Millions Possibly Affected by Newly Discovered Stegno Malvertising Campaign

When it comes to deception, cybercriminals have many options at their disposal. There’s phishing, where crooks posing as an authority figure attempt to trick victims into giving up sensitive information. There’s man-in-the-middle, where cybercriminals intercept traffic on a public or easily-accessed Wi-Fi network. But there’s one method of deception that’s exceptionally ingenious, and is a new play on an old trick.

The method in question is called “steganography,” a technique used to hide secret messages in plain sight, often within a document or picture. By embedding code into images, and passing the corrupt image off as something innocuous as, say, internet banner ads, cybercriminals are easily able to execute code on vulnerable systems. And they are.

Cybersecurity researchers have discovered a two-year long cybercriminal campaign using steganography techniques on some of the most popular websites in the UK, Australia and Canada. The long-lasting attack delivered corrupt images through online ad networks for news sites like Channel 9, Sky News and more, according to The Register. If vulnerable, readers may have been infected with malware capable of collecting keystrokes, footage from webcams, and account or email credentials. It’s a method as effective as it is troublesome, since it takes advantage of often ignored, but prominent and critical, services for news websites. Those services: ad networks.

Ad networks facilitate the delivery of ads for news websites. While some networks screen ads for malicious activities, most do not. This may be how some malicious advertisements, or malvertisements, often wind up affecting millions of site visitors.

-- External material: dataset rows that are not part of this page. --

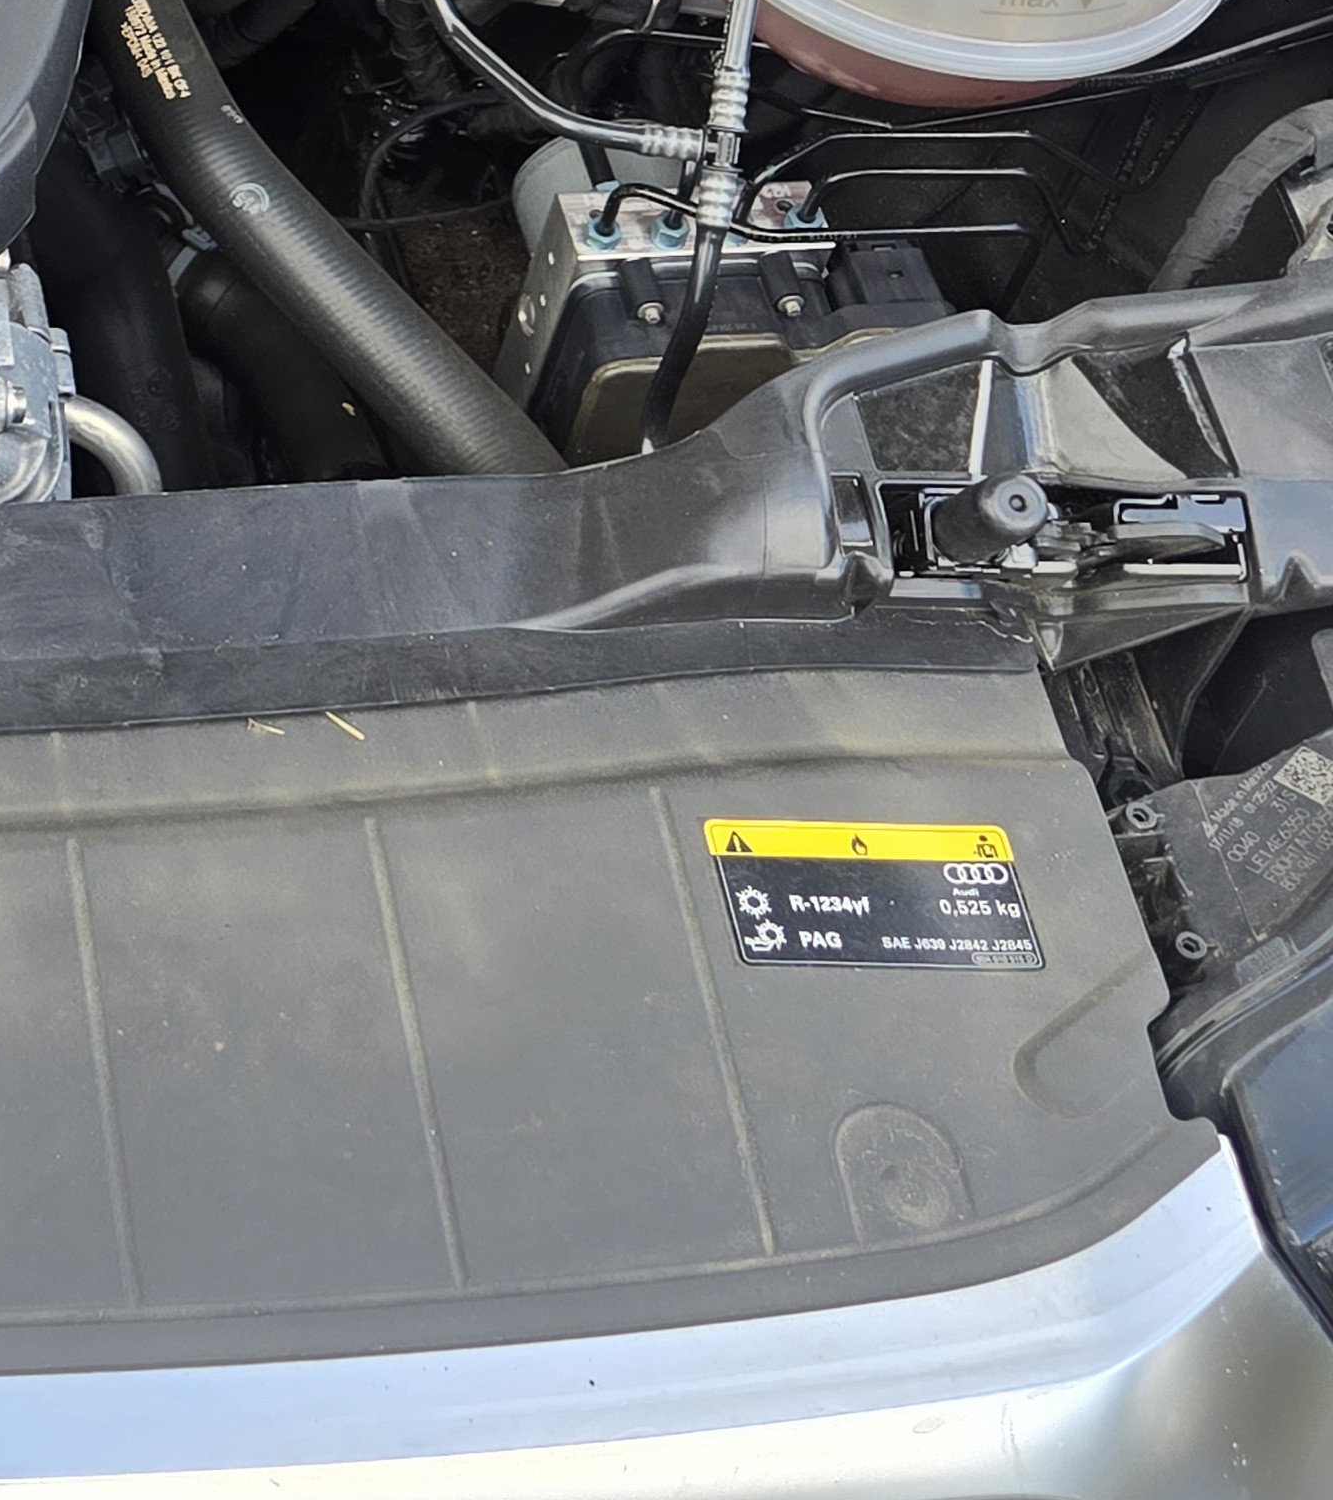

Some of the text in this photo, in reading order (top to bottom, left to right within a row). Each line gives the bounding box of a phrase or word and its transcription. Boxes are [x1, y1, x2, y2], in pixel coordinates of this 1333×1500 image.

[952, 887, 979, 897] Audi
[788, 894, 1022, 918] R-1234yf 0,525 kg
[798, 930, 842, 949] PAG
[881, 936, 912, 949] SAE
[914, 937, 946, 950] J639
[949, 938, 989, 951] J2842

But the newly discovered malvertising campaign, dubbed “Stegno” by its discoverers, is different. Its malicious code is well hidden in an image’s pixels, making it difficult for even competent or advanced ad networks to detect. It covers its trails well, executing itself only after it verifies a user isn’t running a virtual machine, security software or actively collecting data packets in order to better hide from cybersecurity researchers.

Still, despite its advanced techniques, Stegno can only infect users if they meet certain criteria. Namely, the victim’s computer needs to run a vulnerable version of both Internet Explorer and Adobe Flash, Ars Technica reports. Both applications have patches designed fix the abused vulnerabilities. Still, Stegno could afflict millions of users across the globe.

Stegno is effective because it preys on the some of the most common assumptions when it comes to the digital world today: that users don’t need to update their devices; that (some) ad networks don’t need to carefully screen their ads; and that cybersecurity researchers can detect all malware while taking known, standardized precautions to run a “clean” computer for security research purposes. Sometimes these assumptions carry validity, but most of the time they ignore the necessary investments we need to make in online security.

So what can you do to protect yourself from sophisticated malvertising campaigns like Stegno? Here are a few tips:

  • Keep your software up to date. Campaigns like Stegno depend on unprotected, unpatched systems. In order to ward off infections, and to make sure you’re running the latest and most secure system you can, make sure you update your software as soon as an update is available. Today’s operating systems often include an auto-update feature. If you can, try to keep it active.
  • Use an ad-blocker (judiciously). Ads have crossed the threshold from mundane to worrisome. It may be worthwhile to invest in an ad-blocker program in order to ward off malware and malvertisements. There is, however, a moral issue to consider: many news websites depend on successfully delivered ads to operate — so if you enjoy a publication’s work and want to support them, consider either “whitelisting” their website or see if they offer a subscription-based ad-free experience.
  • Always use a comprehensive security solution. Finally, you’ll need a comprehensive security solution that scans and protects you from the worst of the Web. Solutions like McAfee LiveSafe™ are a worthwhile investment for those looking to protect all of their devices from the internet’s various maladies, like Stegno. As always, do your due diligence and make sure the solution you invest in matches your goals and your digital lifestyle.